Nem era preciso tanto!

Sete golos, duas bolas nos postes (Ricardo Carvalho, 6, e Cristiano Ronaldo, 70)! Não era preciso tanto! Só era necessário ganhar, jogando bem, à equipa n.º105 do ranking FIFA. Ninguém pedia que se passasse de um jogo nulo (com a Costa do Marfim) para uma goleada histórica, que marca o Mundial até ao momento e praticamente garante a qualificação portuguesa para a fase seguinte. 

Mas o incrível golo de Cristiano Ronaldo, na recta final, exemplifica bem a segunda parte e o resultado: uma coisa feliz, tudo a sair da melhor maneira, os jogadores descontraídos, libertos e finalmente a jogarem futebol de qualidade.

A pressão, no entanto, foi visível durante a primeira metade, e sobretudo até ao golo magnífico com que a dupla mais constante da equipa, Tiago-Meireles, acabou com a ansiedade patente nessa primeira meia hora. Até aí, percebera-se a intenção, mas a Coreia do Norte chegou a incomodar rematando três vezes em dez minutos.
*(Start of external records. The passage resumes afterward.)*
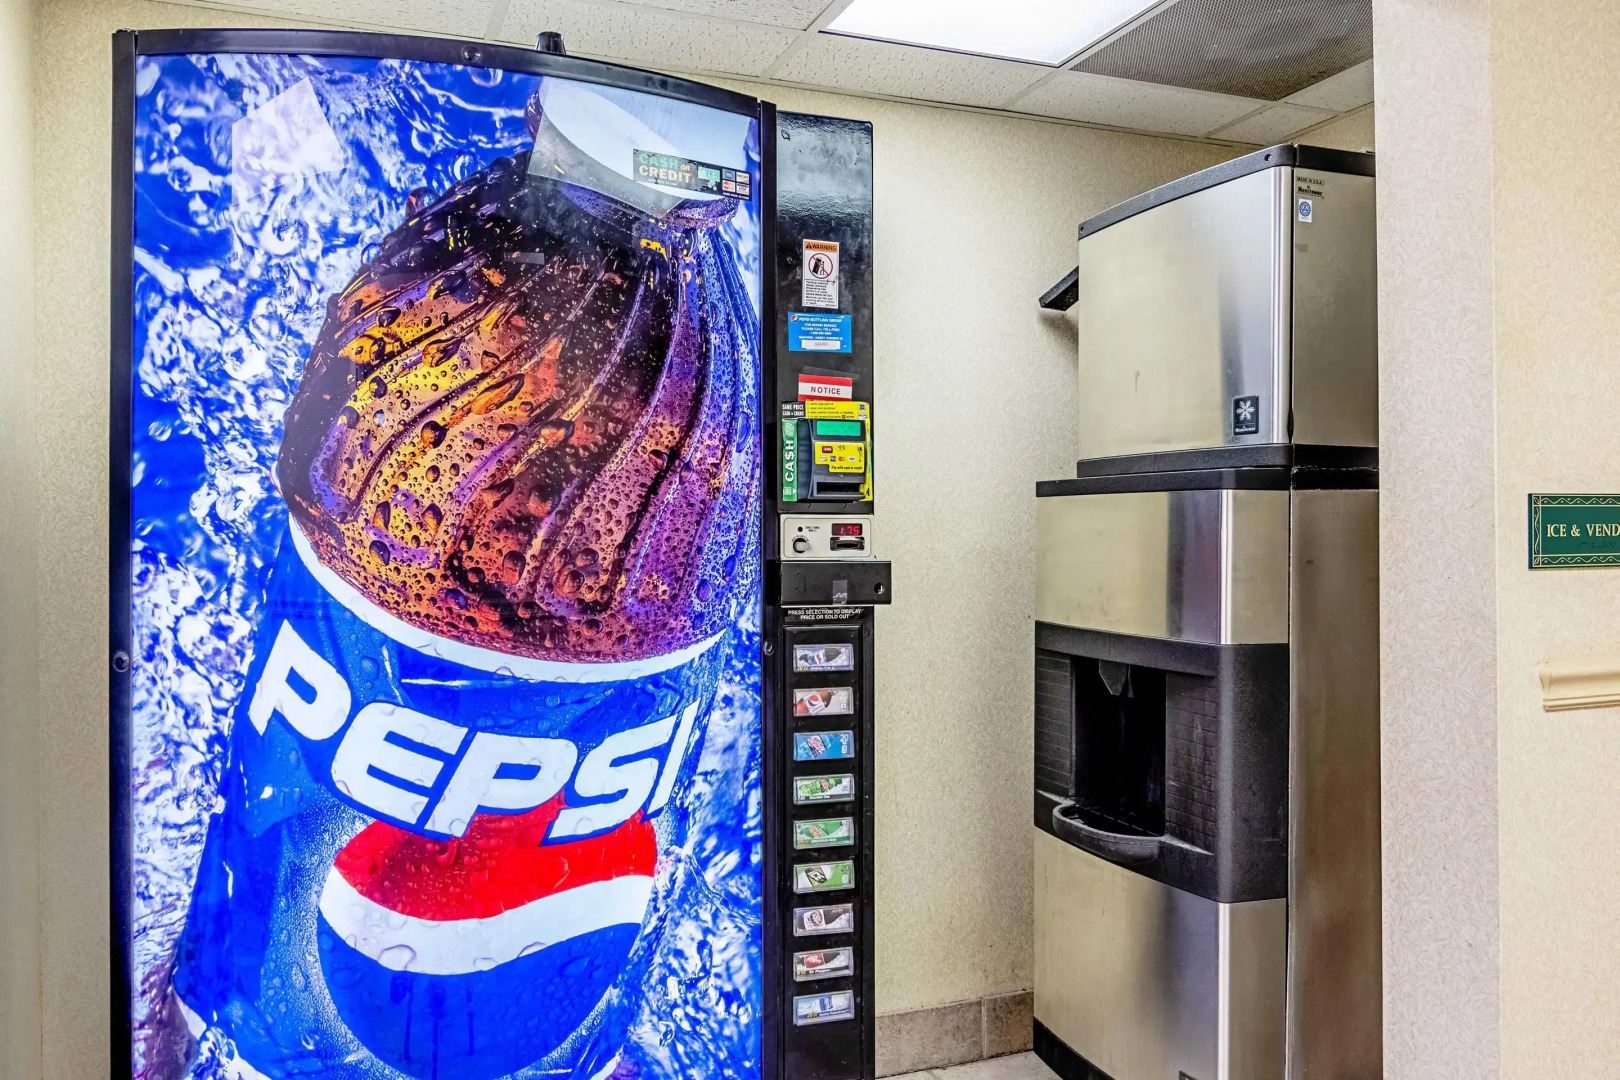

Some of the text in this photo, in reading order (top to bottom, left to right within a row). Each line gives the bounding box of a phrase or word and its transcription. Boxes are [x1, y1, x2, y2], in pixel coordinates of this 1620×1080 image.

[639, 153, 678, 168] CASH
[639, 165, 692, 184] CREDIT
[812, 243, 837, 251] WARNING
[810, 386, 841, 395] NOTICE
[784, 440, 795, 482] CASH
[1546, 524, 1567, 537] ICE
[1570, 524, 1581, 537] &
[248, 619, 700, 838] PEPSI
[840, 734, 849, 742] 20
Desta vez o treinador ganhou as apostas que fez: Miguel à direita (mais ofensivo que Paulo Ferreira); Simão em vez de Danny; até a opção por Hugo Almeida rendeu (apesar de Liedson ter provado, de novo, que é letal na área se lhe dão uma oportunidade); e Tiago a fazer a diferença, pelo empenhamento, pelo passe e pelo jogo vertical. Deco não foi lembrado. Tiago protagonizou a melhor exibição portuguesa (dois golos e outras tantas assistências), seguido de perto por Raul Meireles. Neste 4x3x3, tendo em conta o estado físico actual, Tiago é melhor opção do que Deco. Ele e Meireles trabalham na recuperação de bola e são capazes de aparecer na área adversária. Fizeram um jogo quase perfeito.
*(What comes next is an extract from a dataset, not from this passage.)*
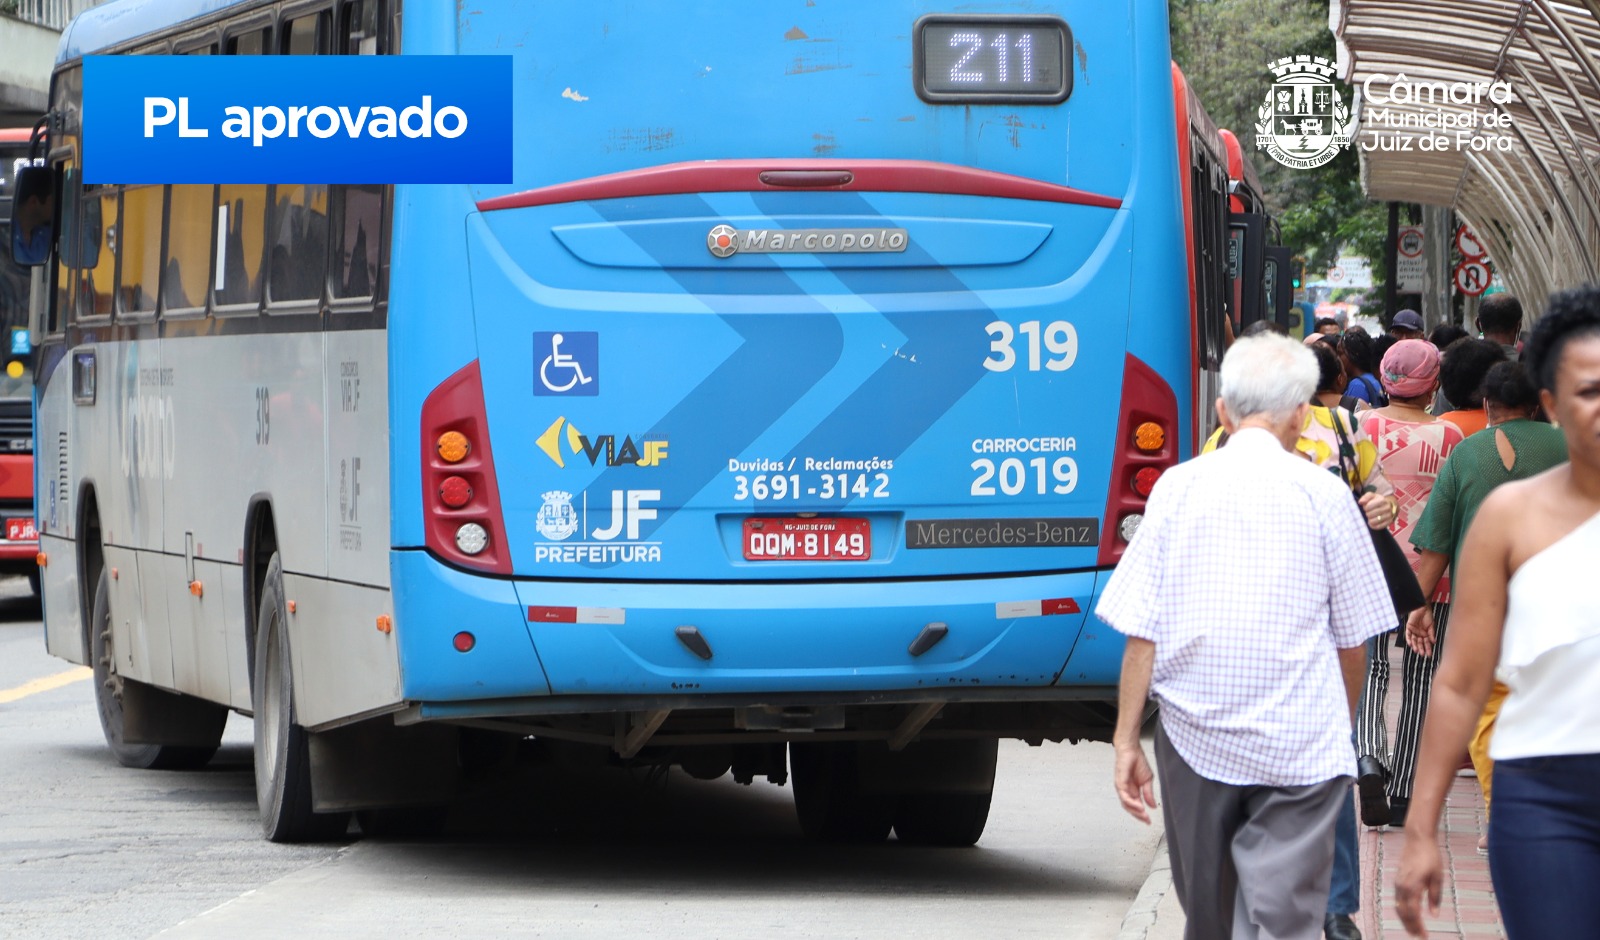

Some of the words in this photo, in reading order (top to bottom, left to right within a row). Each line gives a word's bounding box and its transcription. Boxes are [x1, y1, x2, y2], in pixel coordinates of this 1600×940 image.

A análise ao jogo deve incorporar as dificuldades do primeiro tempo. Numa primeira fase, a equipa não conseguiu preencher bem o imenso espaço que ia de um meio-campo ainda muito colado à defesa - passando pelos extremos (Simão e Ronaldo), que desta vez abriram mesmo a frente de ataque - até ao isolado Hugo Almeida. Pedro Mendes não tem a verticalidade de Pepe (se não voltar contra o Brasil poderá perguntar-se o que foi fazer à África do Sul) e os primeiros minutos não soltaram logo Tiago e Meireles. Mas depois disso acontecer, e o passe de Tiago para o primeiro golo foi de grande qualidade e visão, a equipa começou a acalmar e a jogar. Passada a fase de um compreensível tomar de pulso ao jogo, os laterais viram-se a aparecer na frente, Simão e Ronaldo puderam pisar outros terrenos. A equipa passou a ser mais dinâmica, interactiva. Aí começou um outro jogo, aquele em que Portugal aproveitou a enorme diferença de qualidade entre as duas equipas e fez gala de uma eficácia absoluta e pouco habitual no futebol português.
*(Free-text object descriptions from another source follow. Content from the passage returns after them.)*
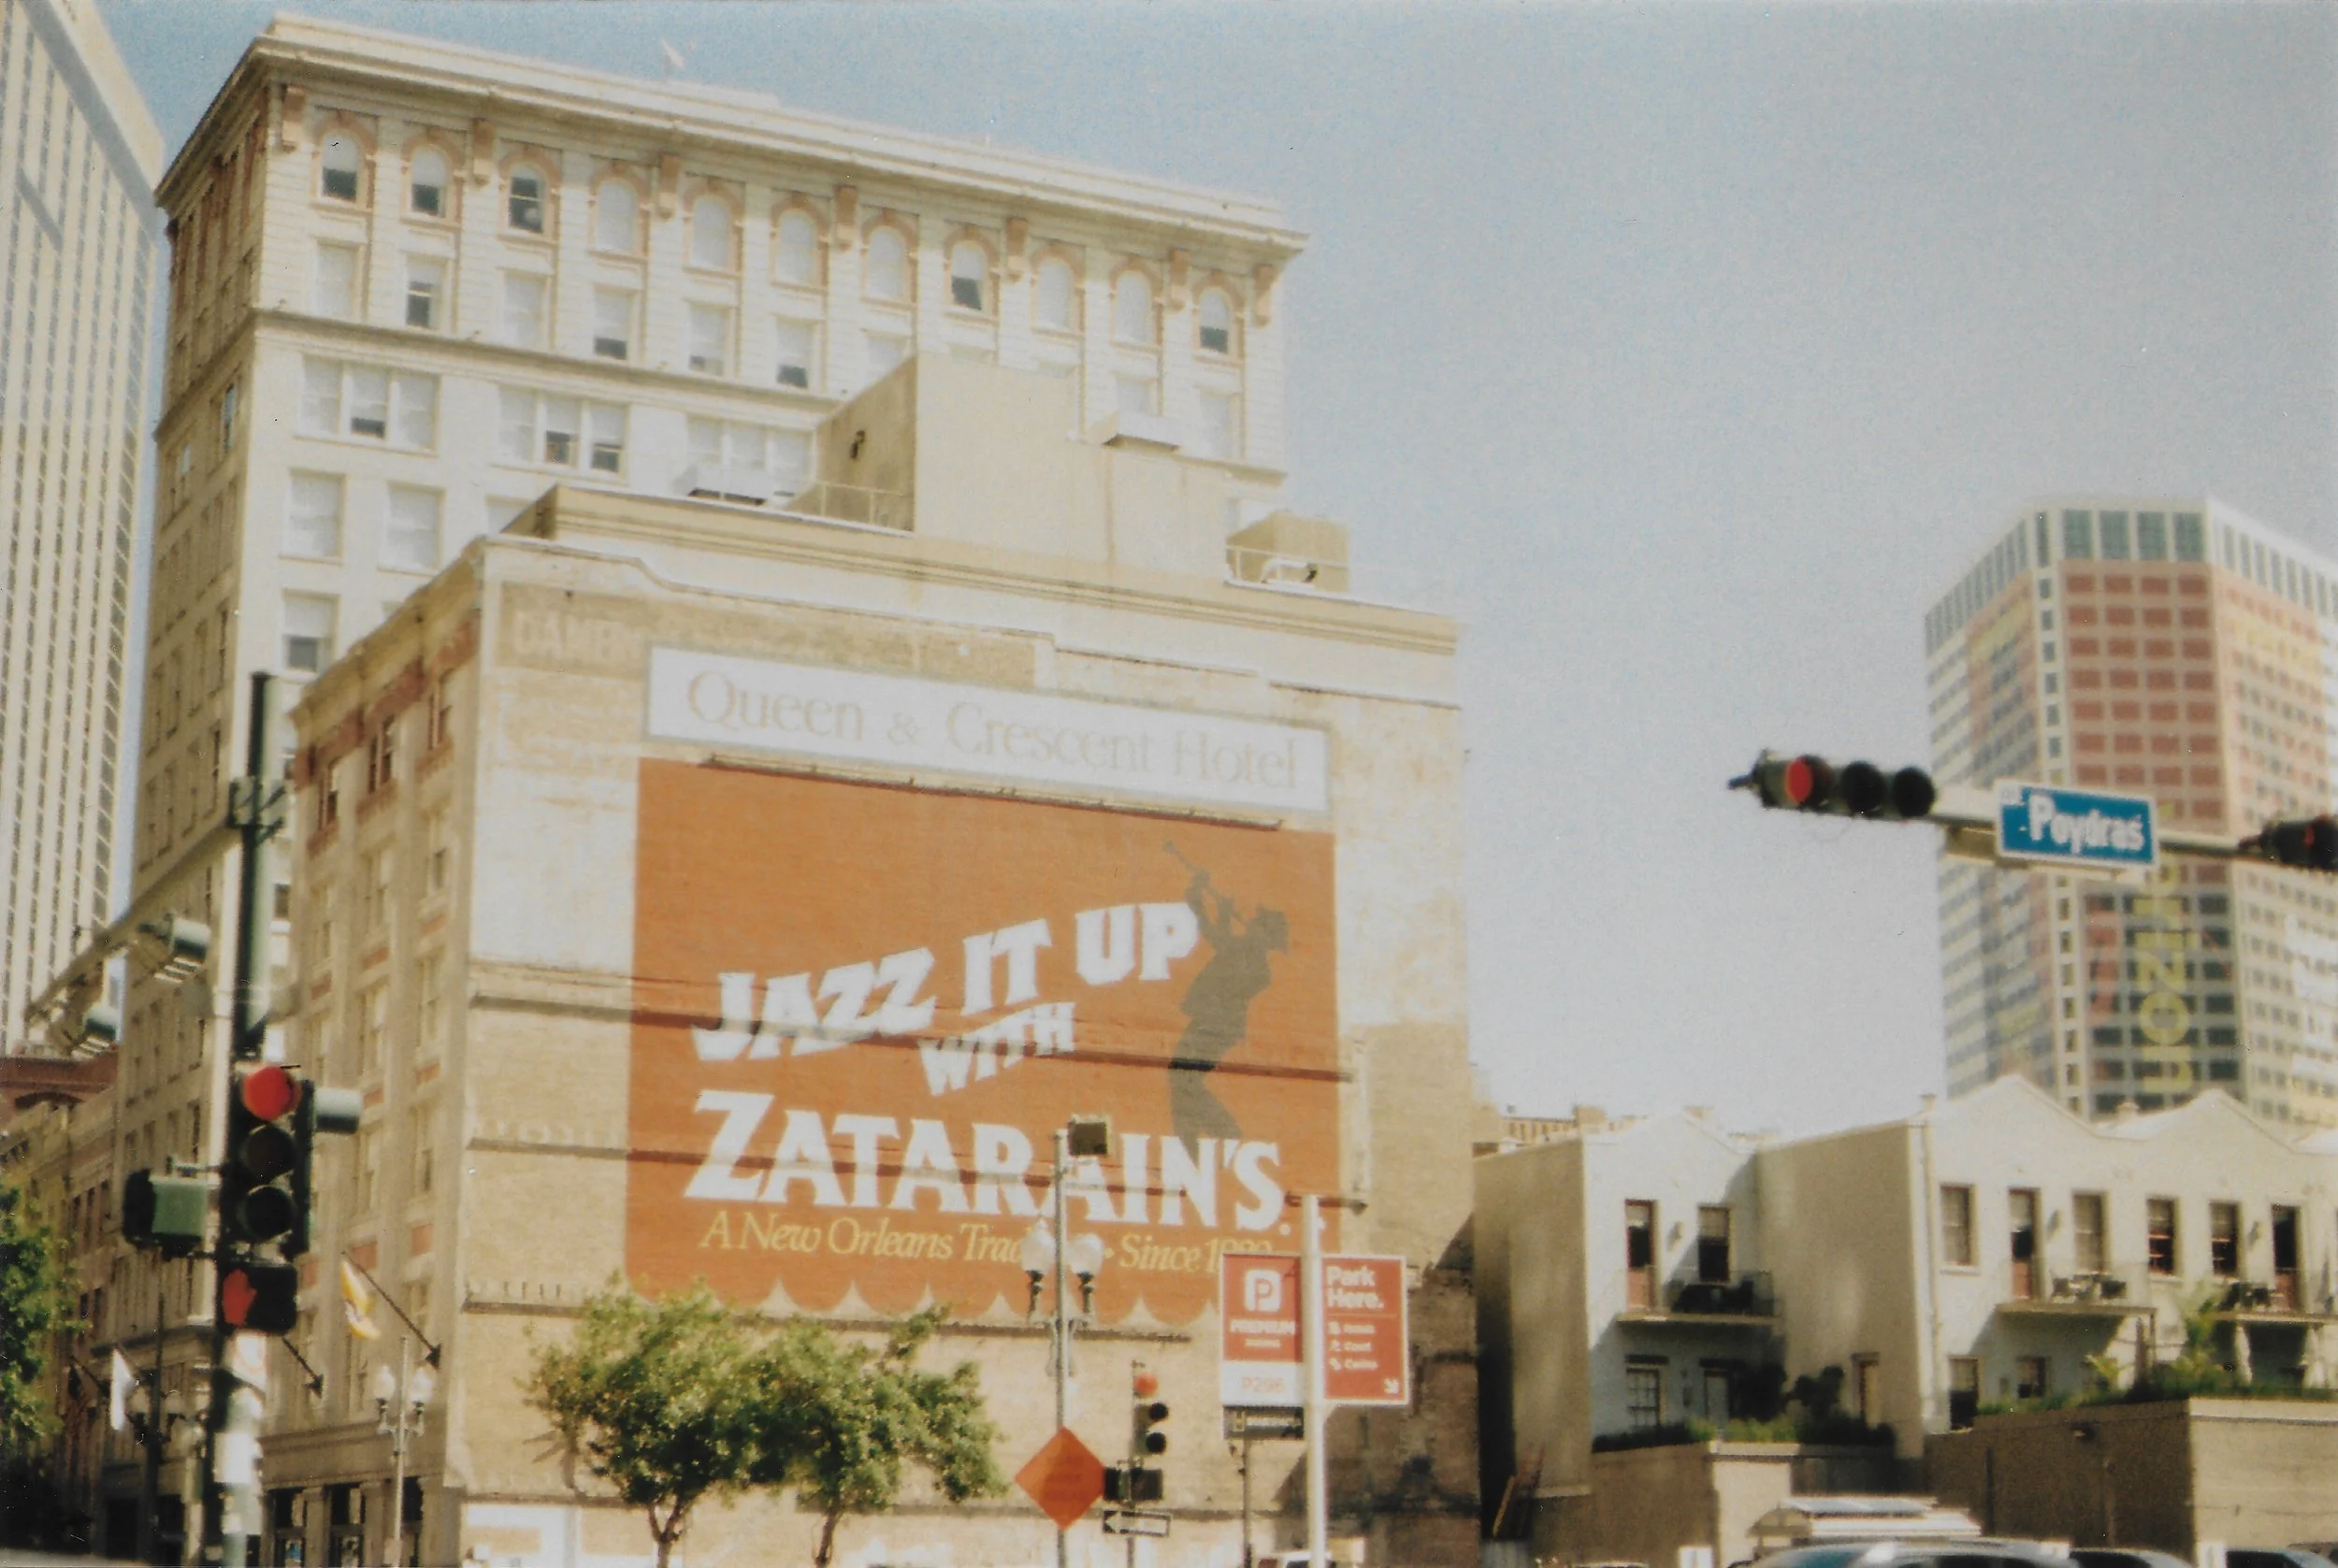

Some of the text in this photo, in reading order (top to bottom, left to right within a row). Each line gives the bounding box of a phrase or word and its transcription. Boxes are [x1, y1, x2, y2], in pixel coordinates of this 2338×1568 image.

[687, 670, 1298, 789] Queen & Crescent Hotel
[690, 903, 1201, 1061] JAZZ IT UP
[917, 1001, 1076, 1096] WITH
[700, 1211, 733, 1249] A
[740, 1212, 822, 1253] New
[828, 1216, 953, 1260] Orleans
[1119, 1233, 1201, 1273] Since
[1326, 1266, 1376, 1287] Park
Este jogo teve uma fase derradeira muito importante e bem gerida pelo treinador. Queiroz lançou Veloso, animou Liedson e aproveitou para lembrar a Duda que não está esquecido depois de ter perdido a titularidade de repente para o "intratável" Fábio Coentrão. Do princípio ao fim, o treinador tomou decisões acertadas e sempre norteadas pela ambição de atingir mais. Redimiu--se da péssima entrada em prova, mudou até o discurso. Deve continuar nessa senda, pedir mais e melhor aos jogadores. O objectivo mínimo está quase garantido.

A cereja em cima do bolo foi a inteligência com que Ronaldo resolveu entregar o prémio FIFA, destinado ao "homem do jogo", ao companheiro Tiago. Foi justo (já que o delegado da FIFA não viu bem…) e foi uma atitude de capitão.

Agora segue-se o Brasil e talvez uma rotação de jogadores destinada a começar a preparar os oitavos-de-final. A lição deve contudo ser apreendida: a partir de agora, há que fazer coexistir a necessidade de segurança com a ambição do espectáculo e da vitória. É possível.